What's Fair:
CUT ALL CONGRESS SALARIES BY 25% IN 2012
CUT THEIR PENSION BY 50%
Dramatic? Hardly. As U.S. workers have suffered layoffs, pay cuts, benefit contribution increases, insurance rates skyrocketing, and union busting over the past two years, While Congress has actually been spending more money than ever!!
In fact, if it hadn’t been for a bill that Kirkpatrick supported, Kirkpatrick and her colleagues in the U.S. legislature would have gotten automatic pay raises, as they did in 2008 and 2009.

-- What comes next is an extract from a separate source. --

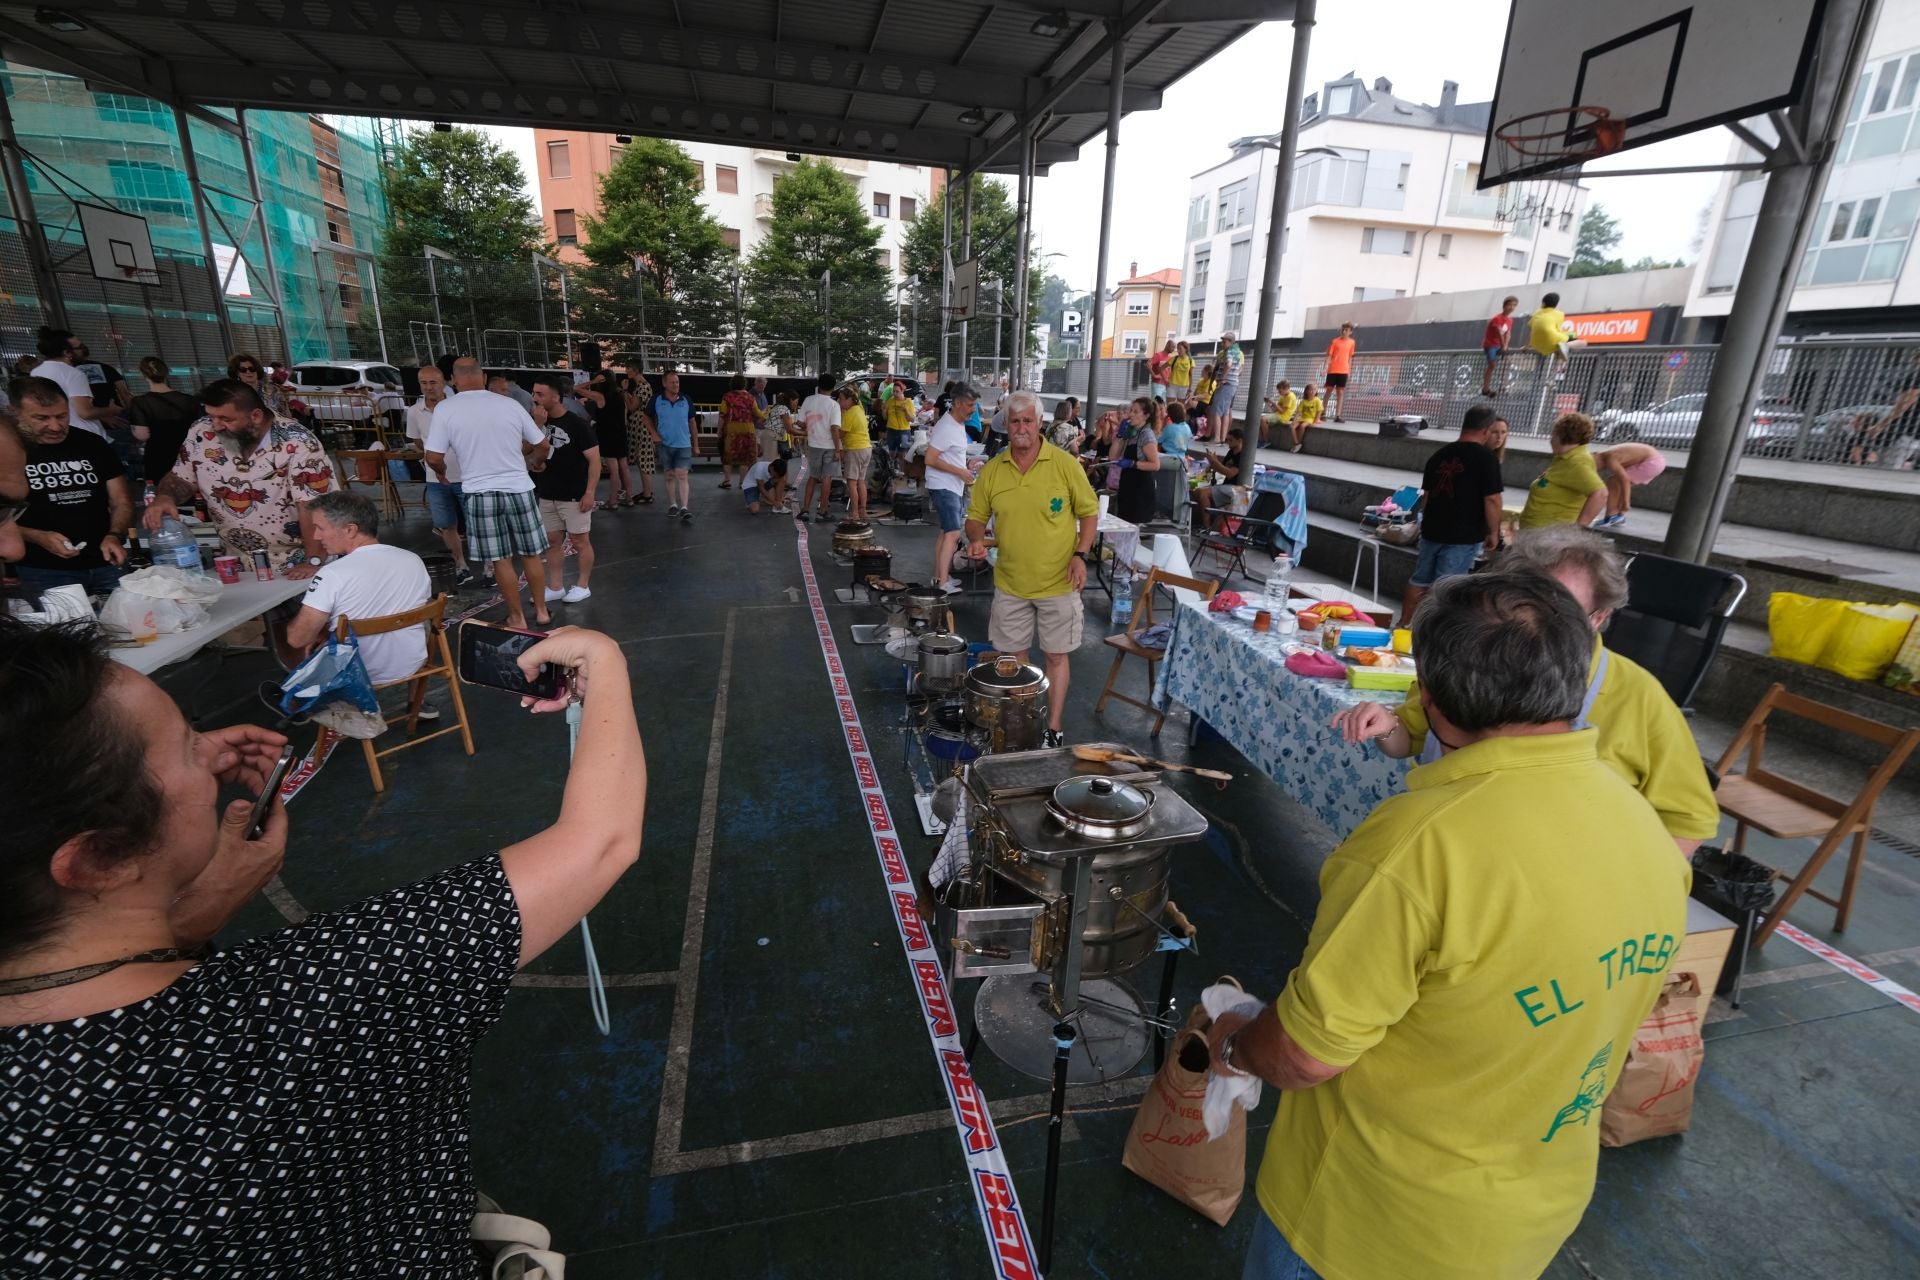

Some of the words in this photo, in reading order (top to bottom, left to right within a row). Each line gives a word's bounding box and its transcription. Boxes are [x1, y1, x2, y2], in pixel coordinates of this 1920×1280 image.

Yes, U.S. Rep. Kirkpatrick (D, AZ) actually sponsored legislation that would cut congressional salaries a modest 5%, saying it was high time that Congress shared the pain with the rest of America, as did Gabby Giffords.
The House voted to cut the office budgets for members of Congress by 5 percent, said Giffords. I strongly support that cut. But our salaries should not be exempt. Members of Congress must set an example and there’s no better way to do that than by cutting our own salaries. Office budget cut of 5% is a joke too.
Sorry, Gabby, just calling a spade a spade. Legistorm, based on Capitol Hill in Washington, DC, has been around since September 2006 has been dedicated to providing a variety of important information about the US Congress. LegiStorm's first information product was a database of congressional staff salaries but have now added other valuable information, such as the most comprehensive database of all privately financed trips taken by members of Congress and congressional staffers. The information is provided in a strictly factual, non-partisan fashion.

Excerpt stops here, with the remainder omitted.